Dresden’s reconstruction determines its character as a city: Burnt down during a bomb raid in WWII, Dresden was partly left in ruins by former East Germany to become a symbol of German’s reunification when the city’s architectural gems were rebuilt anew. The old city of Dresden is now an astonishing place with places like its Theater Square that is surrounded by the renaissance palace, the baroque Hofkirche (court church), the baroque Zwinger (bailey), the classicist Schinkelwache (guard-house), and the historist Semperoper (opera house). Walking over the square, it feels real and old, but there was nothing but ruins up until 1989 when the two Germanies reunited.

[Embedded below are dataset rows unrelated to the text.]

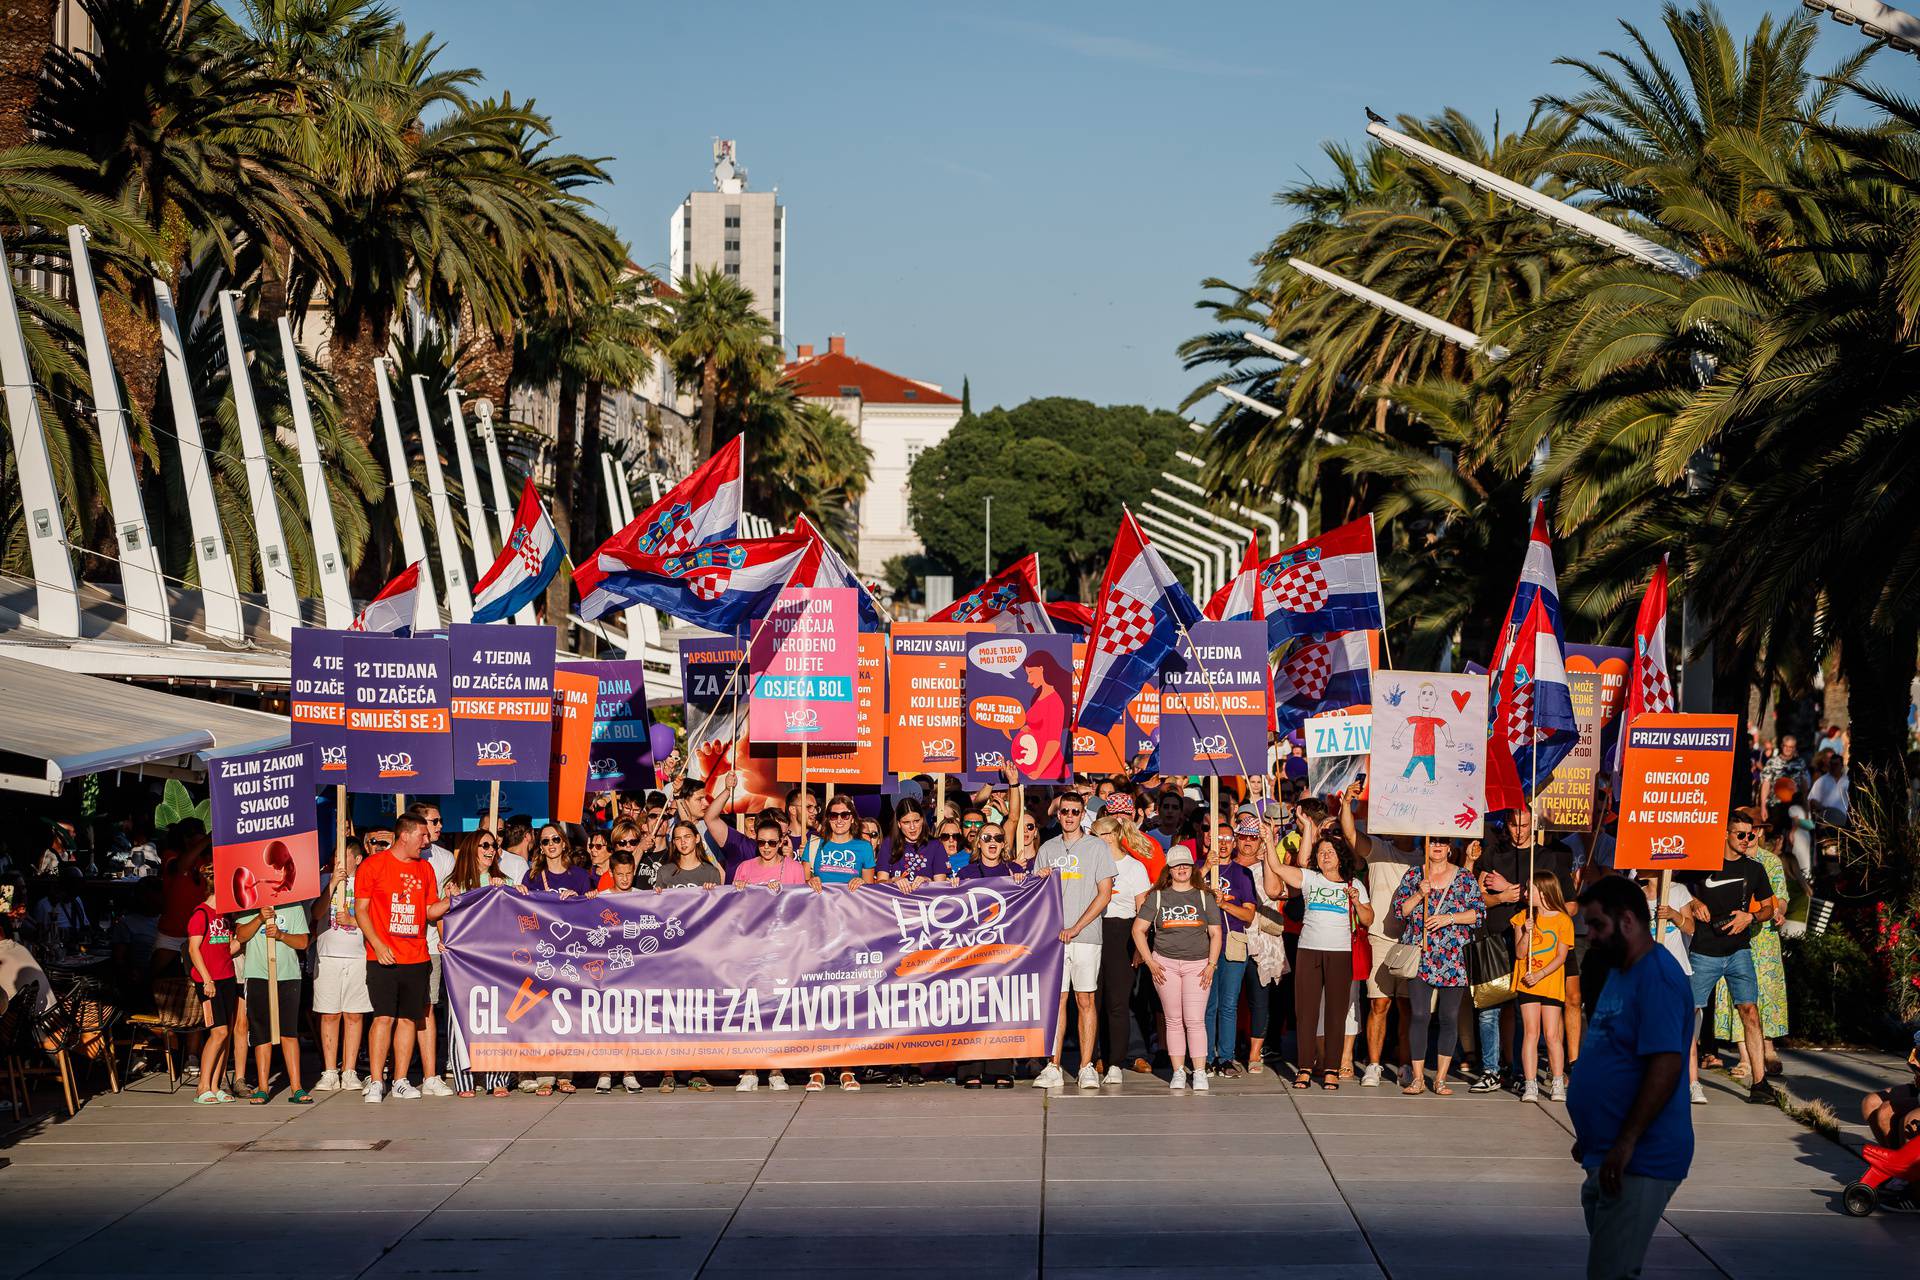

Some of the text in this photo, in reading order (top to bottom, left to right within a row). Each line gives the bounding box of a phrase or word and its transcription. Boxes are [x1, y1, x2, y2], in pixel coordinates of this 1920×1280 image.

[776, 599, 833, 614] PRILIKOM
[774, 616, 834, 633] POBAČAJA
[773, 638, 836, 653] NEROĐENO
[896, 639, 933, 652] PRIZIV
[979, 646, 1023, 656] MOJE TIJELO
[1183, 646, 1242, 660] 4 TJEDNA
[313, 655, 322, 669] 4
[472, 650, 532, 665] 4 TJEDNA
[785, 657, 824, 672] DIJETE
[979, 655, 1017, 665] MOJ IZBOR
[354, 662, 438, 679] 12 TJEDANA
[1164, 671, 1182, 685] OD
[1237, 671, 1262, 685] IMA
[296, 679, 312, 693] OD
[452, 672, 549, 691] OD ZAČEĆA IMA
[694, 675, 720, 696] ZA
[764, 677, 845, 697] OSJEĆA BOL
[1573, 679, 1594, 693] MOŽE
[357, 685, 437, 704] OD ZAČEĆA
[567, 690, 588, 705] IMA
[911, 696, 934, 708] KOJI
[1194, 693, 1219, 711] UŠI,
[1222, 695, 1260, 709] NOS...
[451, 700, 549, 716] OTISKE PRSTIJU
[860, 698, 871, 707] da
[976, 702, 1022, 715] MOJE TIJELO
[294, 704, 337, 720] OTISKE
[351, 710, 407, 729] SMIJEŠI
[410, 713, 430, 729] SE
[784, 709, 817, 722] HOD
[975, 712, 1015, 725] MOJ IZBOR
[899, 714, 907, 727] A
[909, 715, 925, 727] NE
[614, 724, 639, 739] BOL
[1584, 724, 1592, 733] JE
[922, 738, 955, 753] HOD
[1192, 735, 1227, 750] HOD
[1315, 727, 1340, 754] ZA
[1632, 731, 1730, 746] PRIZIV SAVIJESTI
[477, 740, 511, 756] HOD
[1574, 747, 1592, 757] RODI
[221, 752, 304, 778] ŽELIM ZAKON
[377, 752, 412, 766] HOD
[233, 774, 294, 796] KOJI ŠTITI
[1645, 772, 1710, 785] GINEKOLOG
[1567, 779, 1591, 795] ŽENE
[240, 795, 289, 815] SVAKOG
[1541, 797, 1590, 810] TRENUTKA
[1643, 789, 1708, 806] KOJI LIJEČI,
[1554, 806, 1590, 826] ZAČEĆA
[1628, 808, 1718, 824] A NE USMRĆUJE
[236, 813, 295, 835] ČOVJEKA!
[1650, 835, 1684, 850] HOD
[821, 849, 856, 862] HOD
[892, 887, 1007, 939] HOD
[1161, 904, 1197, 916] HOD
[898, 922, 1012, 953] ZA ŽIVOT
[801, 967, 883, 982] www.hodzazivot.hr
[581, 988, 716, 1036] ROĐENIH
[721, 987, 763, 1034] ZA
[771, 978, 861, 1033] ŽIVOT
[867, 972, 1041, 1030] NEROĐENIH
[519, 1048, 541, 1057] KNIN
[631, 1048, 663, 1056] RIJEKA
[670, 1047, 691, 1056] SINJ
[697, 1047, 725, 1056] SISAK
[784, 1045, 809, 1054] BROD
[816, 1044, 841, 1052] SPLIT
[901, 1039, 944, 1049] VINKOVCI
[951, 1036, 982, 1046] ZADAR
[989, 1034, 1026, 1045] ZAGREB

The reconstruction is deceptively well done such that nothing reveals that these buildings are 25 years old imitations. Knowing that these buildings only pretend, I started to search for the tell tales that reflect these building’s provenance, but there was nothing obvious; the architecture appeared to be freshly renovated but not faked. On the other hand, while walking through the old city center, the place was missing a certain overgrown naturalness, a patina, the subtle balance of shops, living quarters, restaurants, bars, and cafes that mark an old, historically evolved city. The grand layout of the city has been reconstructed and felt natural but the details therein were artificial. Neighbors have not been neighbors for a life-time but were co-located by coincidence. The city is the result of 25 years of development, of individual decisions and opportunities that did not yet become interwoven to form an urban space with all its interlinked dependencies. The city fabric is coincidental and not contingent.

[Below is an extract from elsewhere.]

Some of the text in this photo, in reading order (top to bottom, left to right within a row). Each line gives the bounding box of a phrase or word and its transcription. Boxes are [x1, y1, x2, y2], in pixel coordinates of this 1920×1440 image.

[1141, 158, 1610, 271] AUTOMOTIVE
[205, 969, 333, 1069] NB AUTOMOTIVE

Dresden attempts to heal the scars of war and communism. Although prosperous and successful as a city, the attempt to reconstruct the city as it had been seems to be bound to failure as long as it does not accept the immediate past but instead refers to a mediate past. This mediate past perfect implicitly refers to an unspoken past which becomes thereby inaccessible such that its perception cannot evolve and change. If the past’s perception remains fixed, it threatens to over-determine the arising future. Only the blazing walls of the Frauenkirche embed the black stones preserved from the original ruin, and in doing so solemnly exemplify a visible integration of the immediate past into the current present.
A short walk of 15 minutes leads from the old city center to the surrounding communist buildings which are in stark contrast to the ornateness of the historic reconstruction. There seems to be no mediation between the distanced and reconstructed past and the close and directly remembered past. This divide is reflected in society, for example in people who use English terms whenever possible, replacing in a normal German phrase “kreative” with “creative” or substituting English color names for German ones in ordinary German phrases. On the other hand, the museum guides are mostly fluent in Russian and have a hard time accepting my habit of turning around at the end of an exhibit to walk back, since such a behavior is not in line with what they conceive as correct walking direction: Nothing could be more of a communist cliché than such a total obedience to prescribed rules! This gap is generational and will disappear over time, but the city might conserve its past as long as the city suppresses it.
In any case, I was only visiting briefly without much time to see city and people. During a walk I took a couple of shots of the new old center which is — reconstruction or not — quite a beautiful spot.